Objective: The aim of this study was to develop quantitative feature-based models from histopathological images to distinguish hepatocellular carcinoma (HCC) from adjacent normal tissue and predict the prognosis of HCC patients after surgical resection.
Methods: A fully automated pipeline was constructed using computational approaches to analyze the quantitative features of histopathological slides of HCC patients, in which the features were extracted from the hematoxylin and eosin (H&E)-stained whole-slide images of HCC patients from The Cancer Genome Atlas and tissue microarray images from West China Hospital. The extracted features were used to train the statistical models that classify tissue slides and predict patients' survival outcomes by machine-learning methods.

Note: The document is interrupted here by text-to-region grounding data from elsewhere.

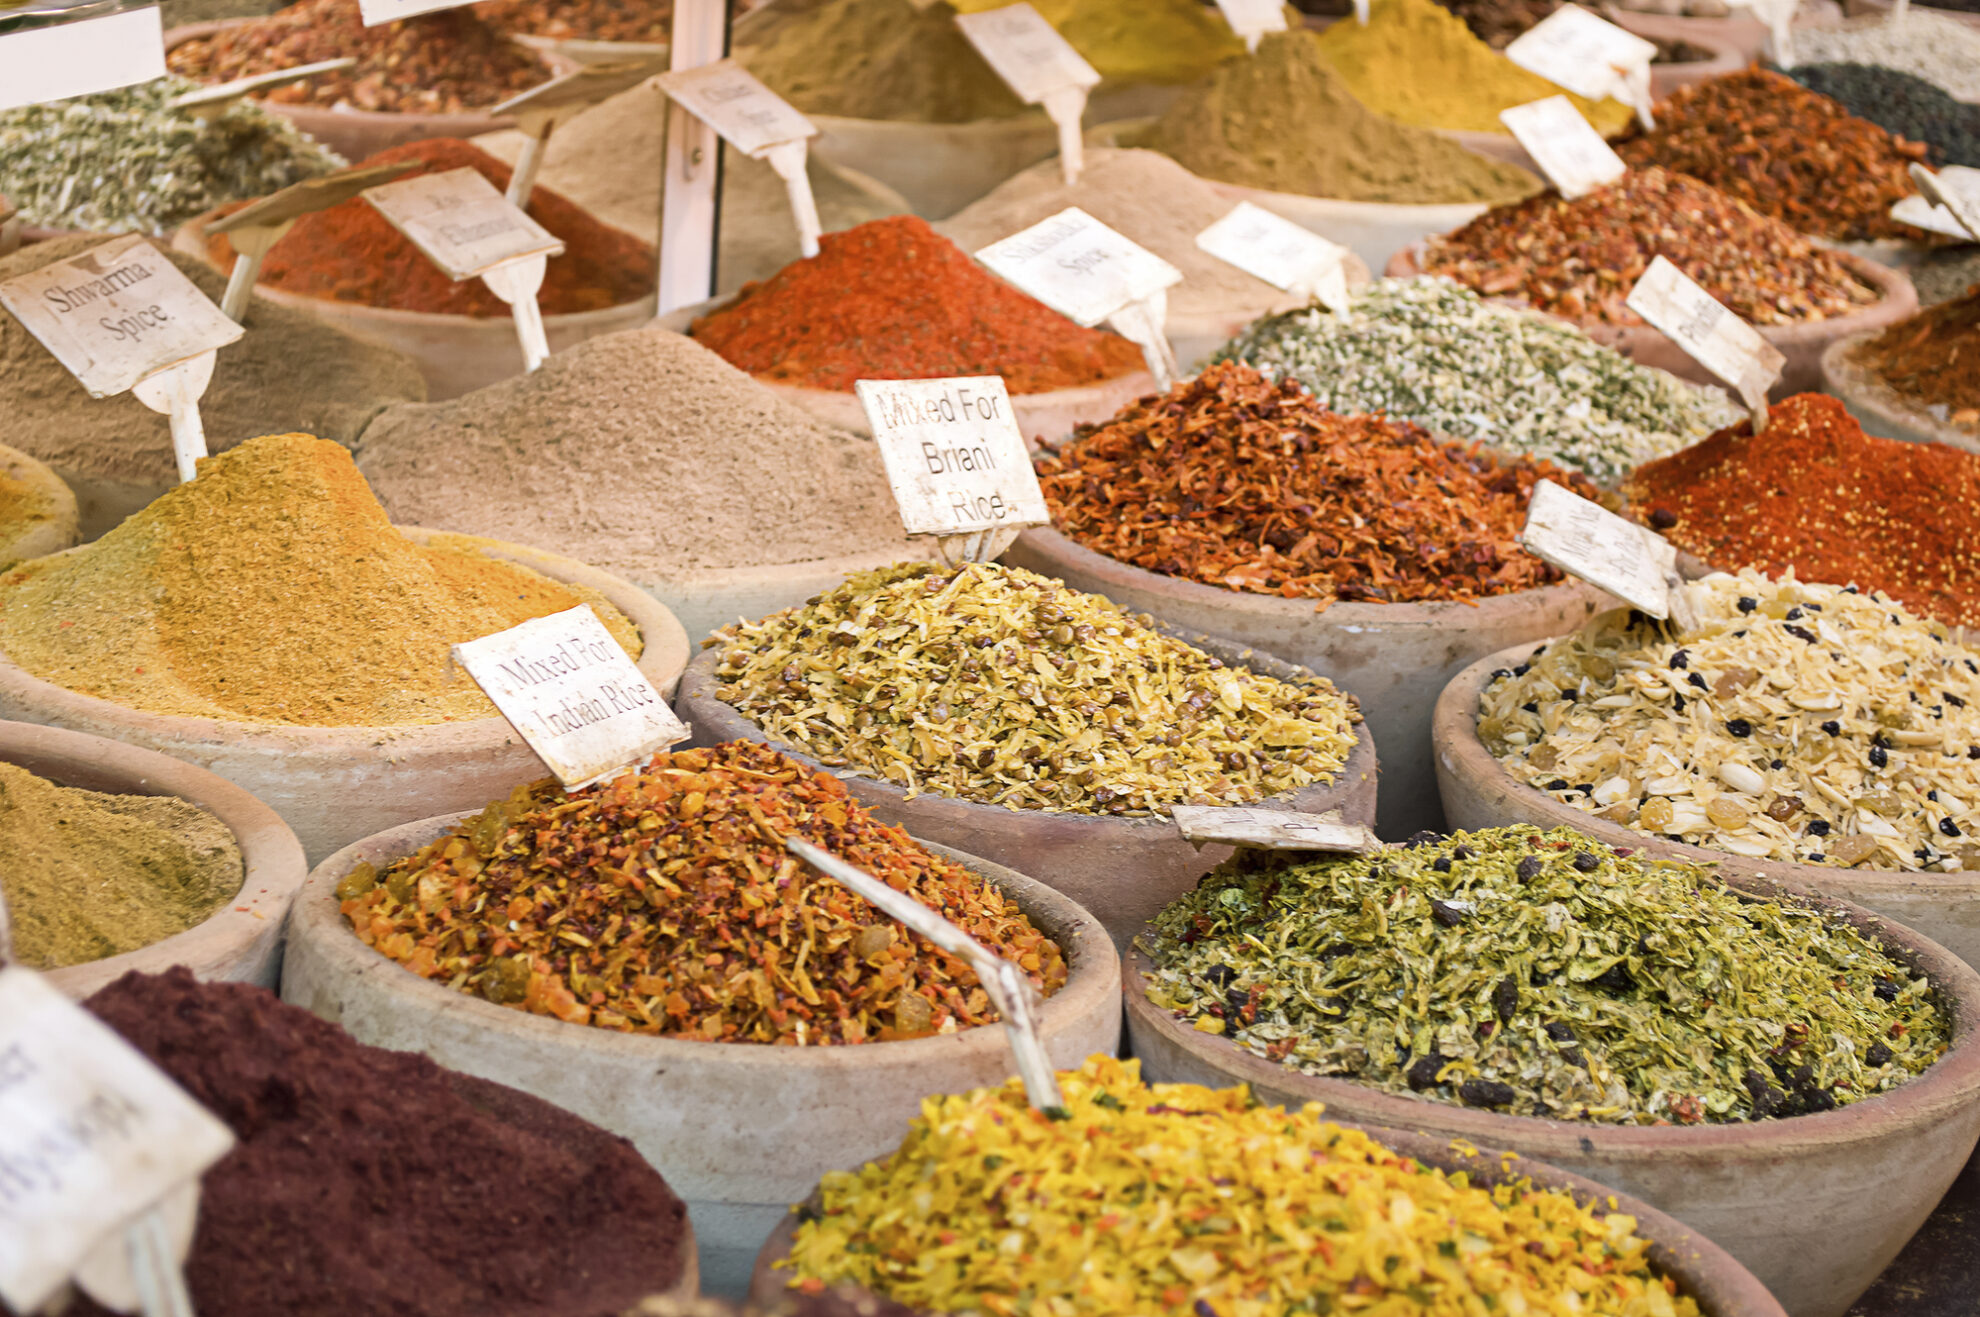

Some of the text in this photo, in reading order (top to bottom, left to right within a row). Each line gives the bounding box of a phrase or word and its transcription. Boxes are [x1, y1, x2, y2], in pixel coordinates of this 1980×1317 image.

[44, 262, 151, 313] Shwarma
[99, 303, 169, 343] Spice
[876, 388, 1001, 430] Mixed For
[921, 437, 996, 475] Briani
[947, 488, 1006, 523] Rice
[496, 637, 615, 691] Mixed For
[531, 681, 654, 739] Indian Rice

Results: A total of 1733 quantitative image features were extracted from each histopathological slide. The diagnostic classifier based on 31 features was able to successfully distinguish HCC from adjacent normal tissues in both the test [area under the receiver operating characteristic curve (AUC) 0.988] and external validation sets (AUC 0.886). The random-forest prognostic model using 46 features was able to significantly stratify patients in each set into longer- or shorter-term survival groups according to their assigned risk scores. Moreover, the prognostic model we constructed showed comparable predicting accuracy as TNM staging systems in predicting patients' survival at different time points after surgery.
Conclusions: Our findings suggest that machine-learning models derived from image features can assist clinicians in HCC diagnosis and its prognosis prediction after hepatectomy.